The program is funded by allocated student fees that are approved by the Student Activities Budget Commission. However, this year, the Division of Academic and Student Affairs gave a generous donation to help fund the program and account for newspapers used by faculty and staff. Because of this contribution, student government was able to remove the card swipes, providing free access to virtually everyone.
International Affairs Committee Chair and Director of the Readership Program, Jen Short, said that by removing the card swipes, they “hope to promote a culture of awareness in which students, faculty, and staff can be informed citizens and engage in meaningful discussions inside and outside the classroom.”
For those who are wondering why they should even bother reading a printed newspaper instead of seeking out news online, Short has an answer.
“Today, information is available at the click of a button,” Short said. “That information is not always accurate or fact-checked, however. The integrity of the profession of journalism and the power of communication tools is recognized and appreciated at UNO, which is why Student Government feels it is so important to keep this valuable information source available to all students to enhance their learning and global awareness.”
Ever since the card swipes have been removed from the newspaper bins, there has been a noticeable increase in usage; in fact, they are often empty by the afternoon. Since the Readership Program offers such a beneficial service to the UNO community, users are encouraged to “read responsibly.” Students, faculty, and staff should take only one of each paper at most and return the newspaper to the bin when they are finished. If they can’t return the papers, users are encouraged to recycle them.
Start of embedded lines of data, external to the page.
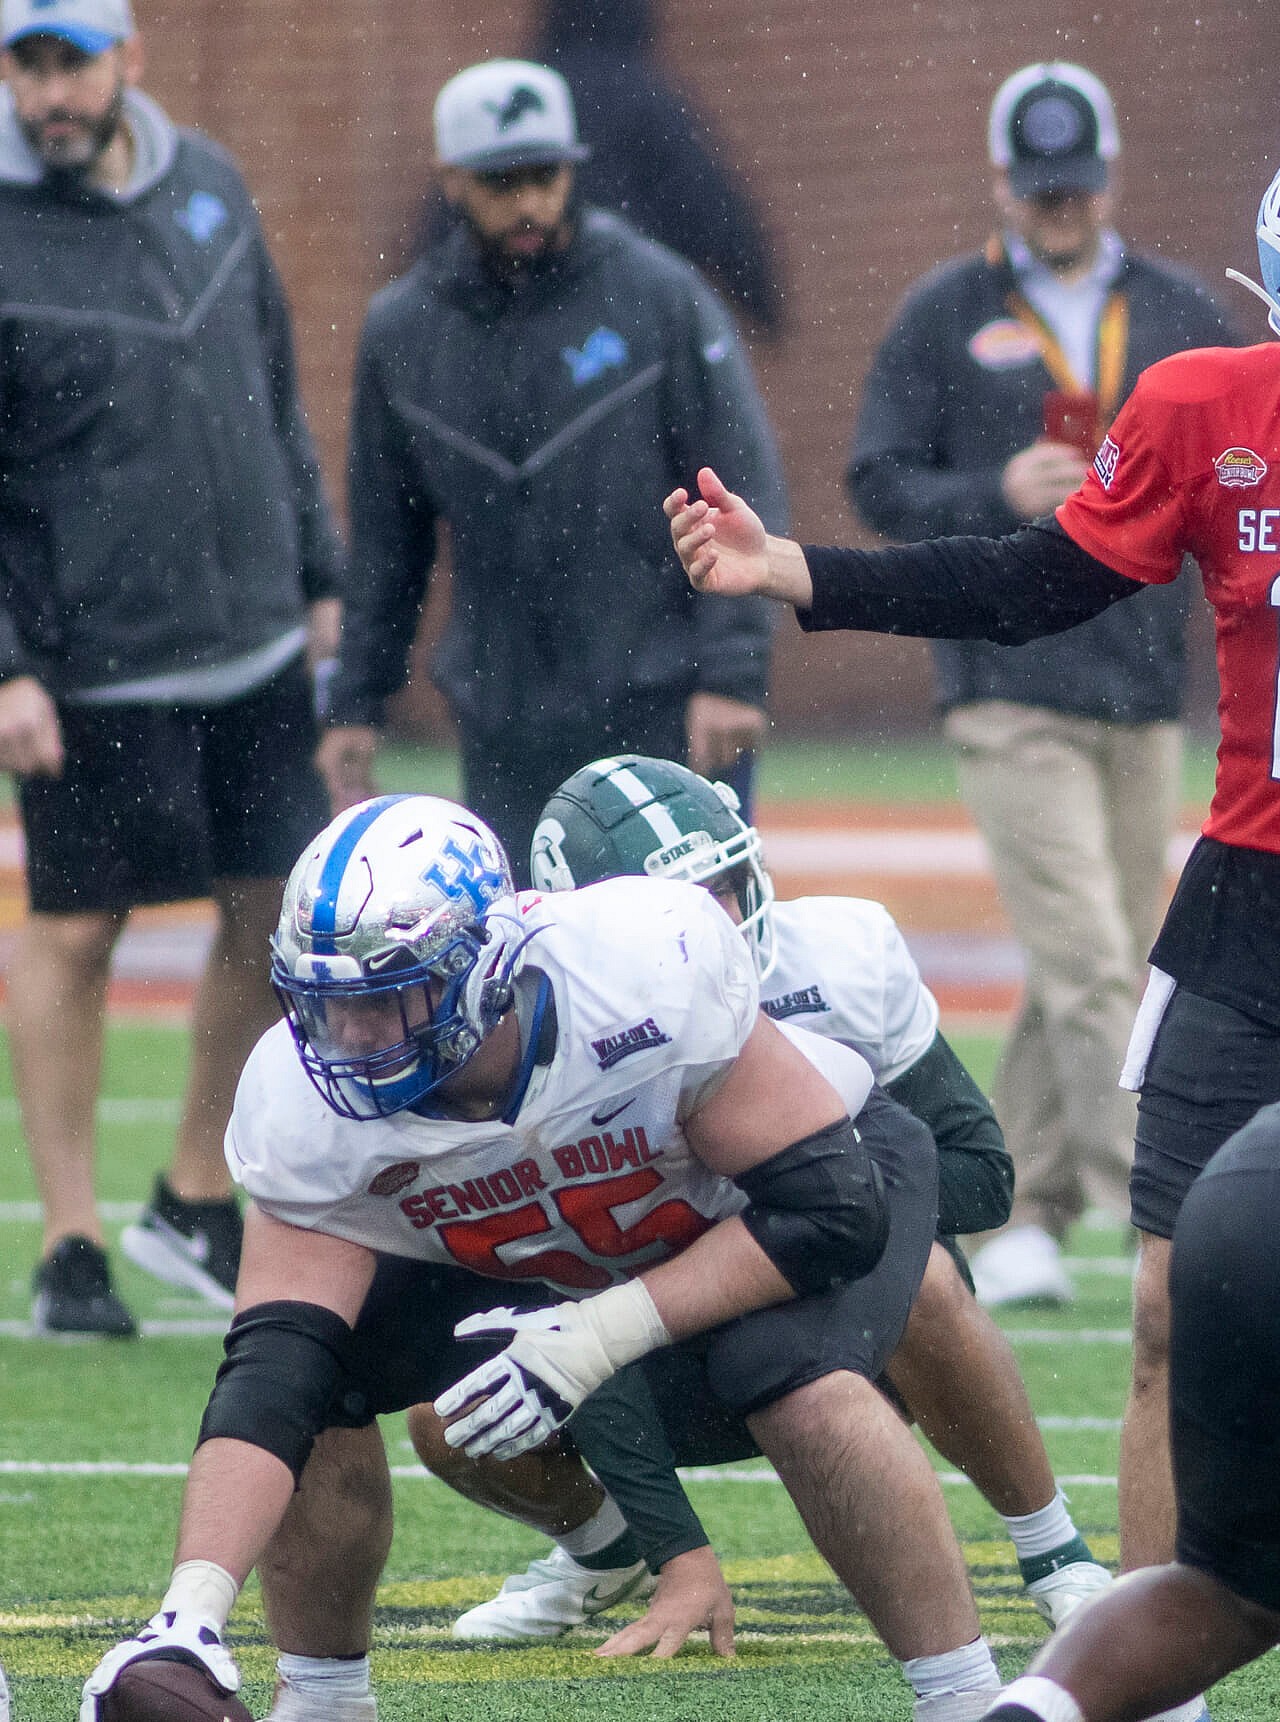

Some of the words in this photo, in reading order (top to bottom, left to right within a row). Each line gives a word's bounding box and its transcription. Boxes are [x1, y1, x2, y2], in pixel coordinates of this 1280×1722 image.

[660, 839, 695, 865] STATE
[591, 1017, 661, 1061] WALK-ON'S
[400, 1158, 549, 1230] SENIOR
[552, 1126, 665, 1179] BOWL
[435, 1165, 722, 1291] 55
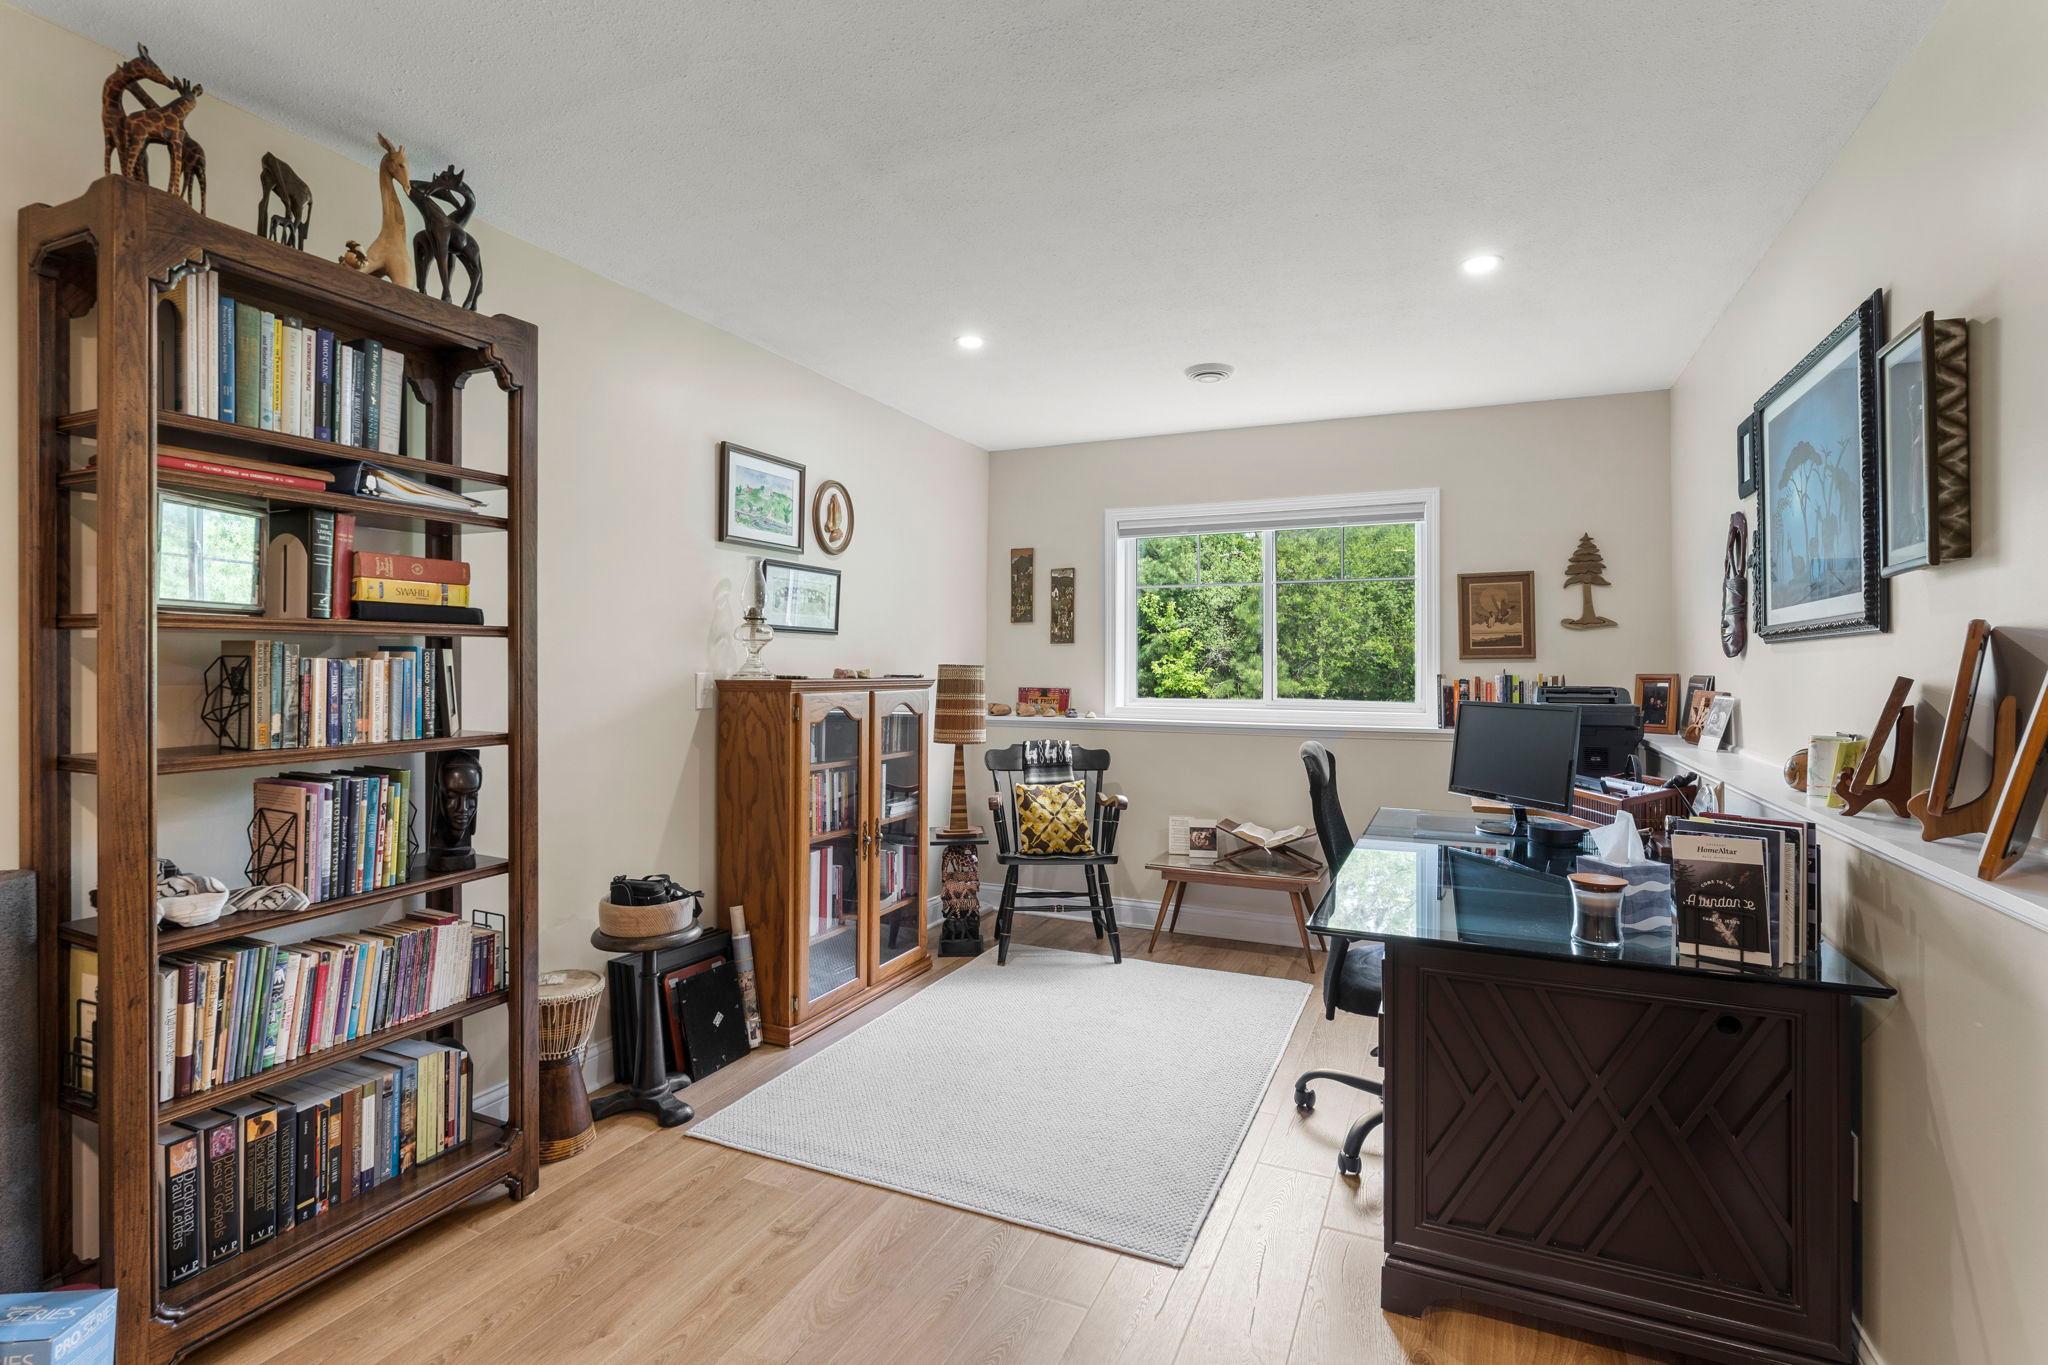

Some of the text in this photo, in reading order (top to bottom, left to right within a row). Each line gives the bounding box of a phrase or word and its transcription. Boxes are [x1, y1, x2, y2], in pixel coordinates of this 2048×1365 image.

[371, 350, 379, 361] The
[395, 587, 432, 598] SWAHILI
[333, 797, 341, 843] CROSSING
[1697, 846, 1738, 855] HomeAltar
[1700, 879, 1714, 888] COME
[224, 1153, 236, 1213] Dictionary
[256, 1138, 267, 1209] New Testament
[266, 1132, 277, 1211] Dictionary Later
[281, 1124, 290, 1204] WORLD RELIGIONS
[171, 1174, 185, 1250] Paul Letters
[181, 1169, 196, 1232] Dictionary
[211, 1158, 227, 1239] Jesus Gospels
[213, 1241, 238, 1258] IVP
[251, 1225, 274, 1242] IVP
[172, 1259, 199, 1277] IVP
[55, 1330, 81, 1361] PRO
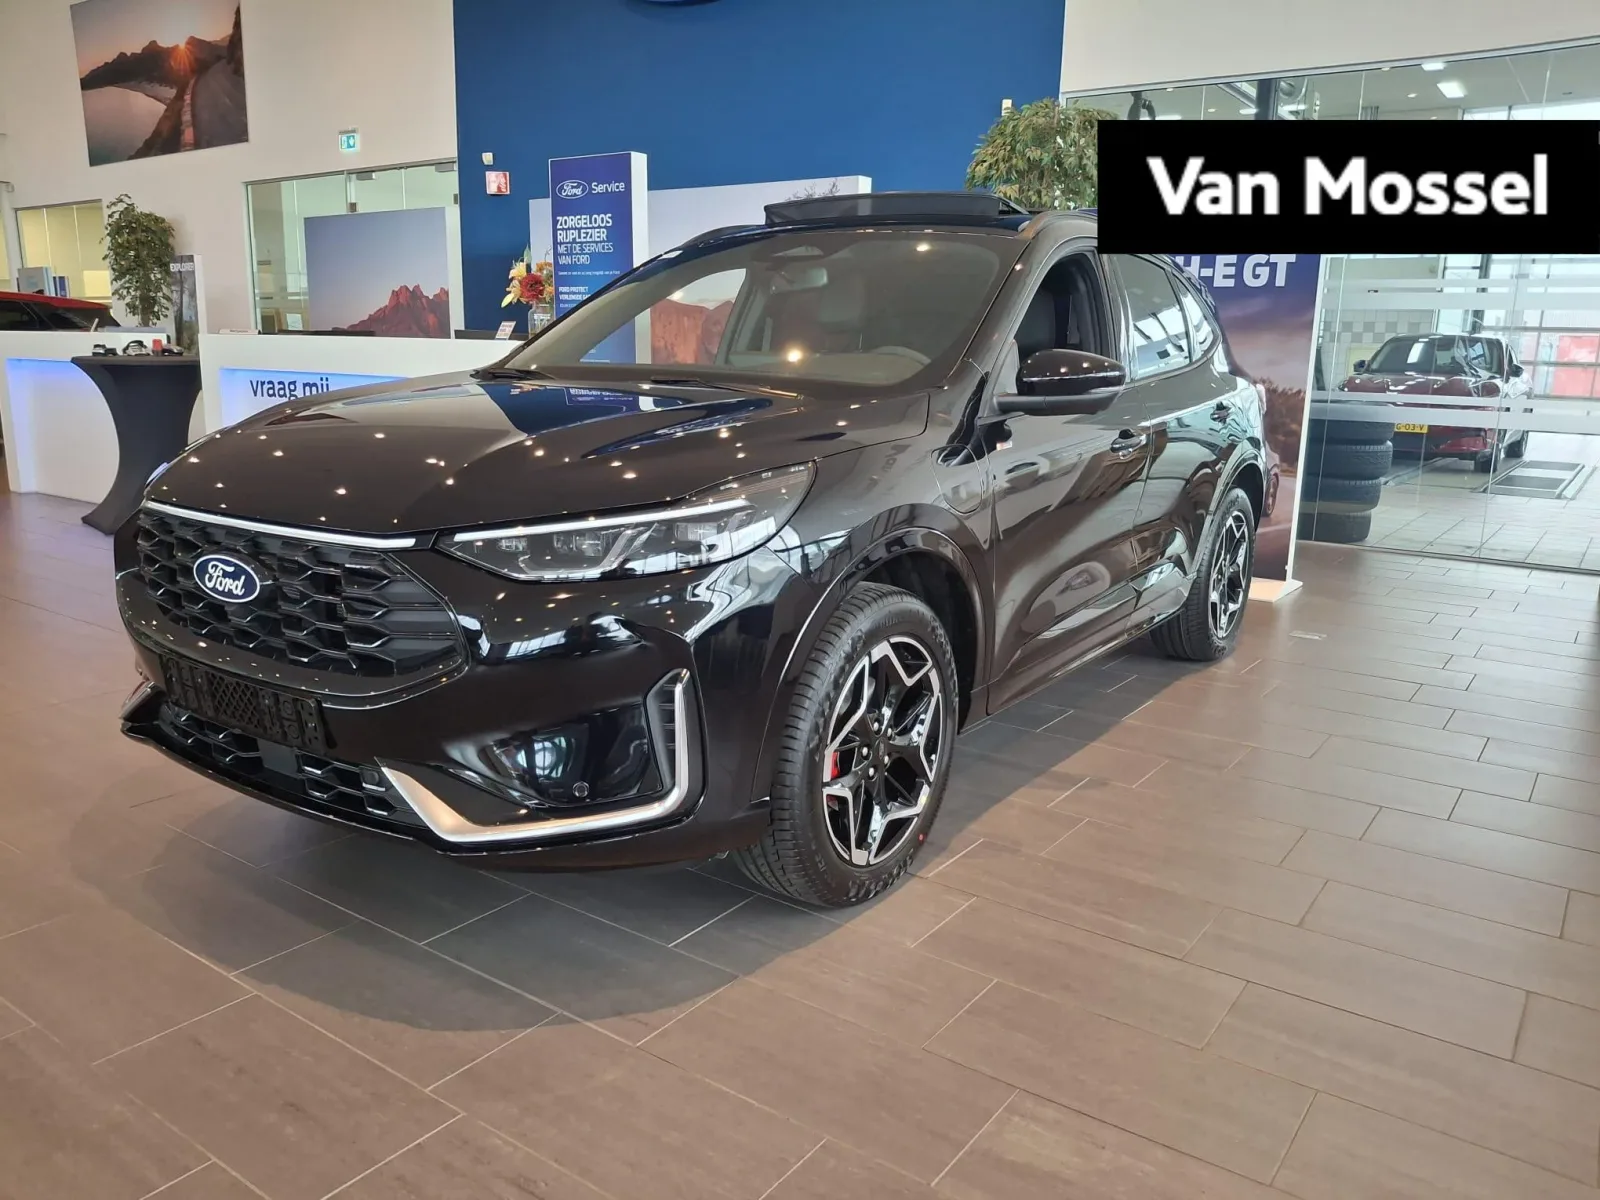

Along with the new access to the newspaper bins, students will also have a new opportunity to talk about world news, national news and current events with staff members and peers. The faculty group, Newspapers in Curricula (NiC), will be sponsoring a large group Campus Conversation on Nov. 13, from noon-1 p.m in the Nebraska Room. This will give students and faculty a chance to discuss and reflect on different topics in the news.
The Readership Program would also like students to know that National Newspaper Week will be held Oct. 6-13 this year. A “read-in” event will be held that week at the fireplace lounge in the Milo Bail Student Center to raise awareness and support for the importance of printed news.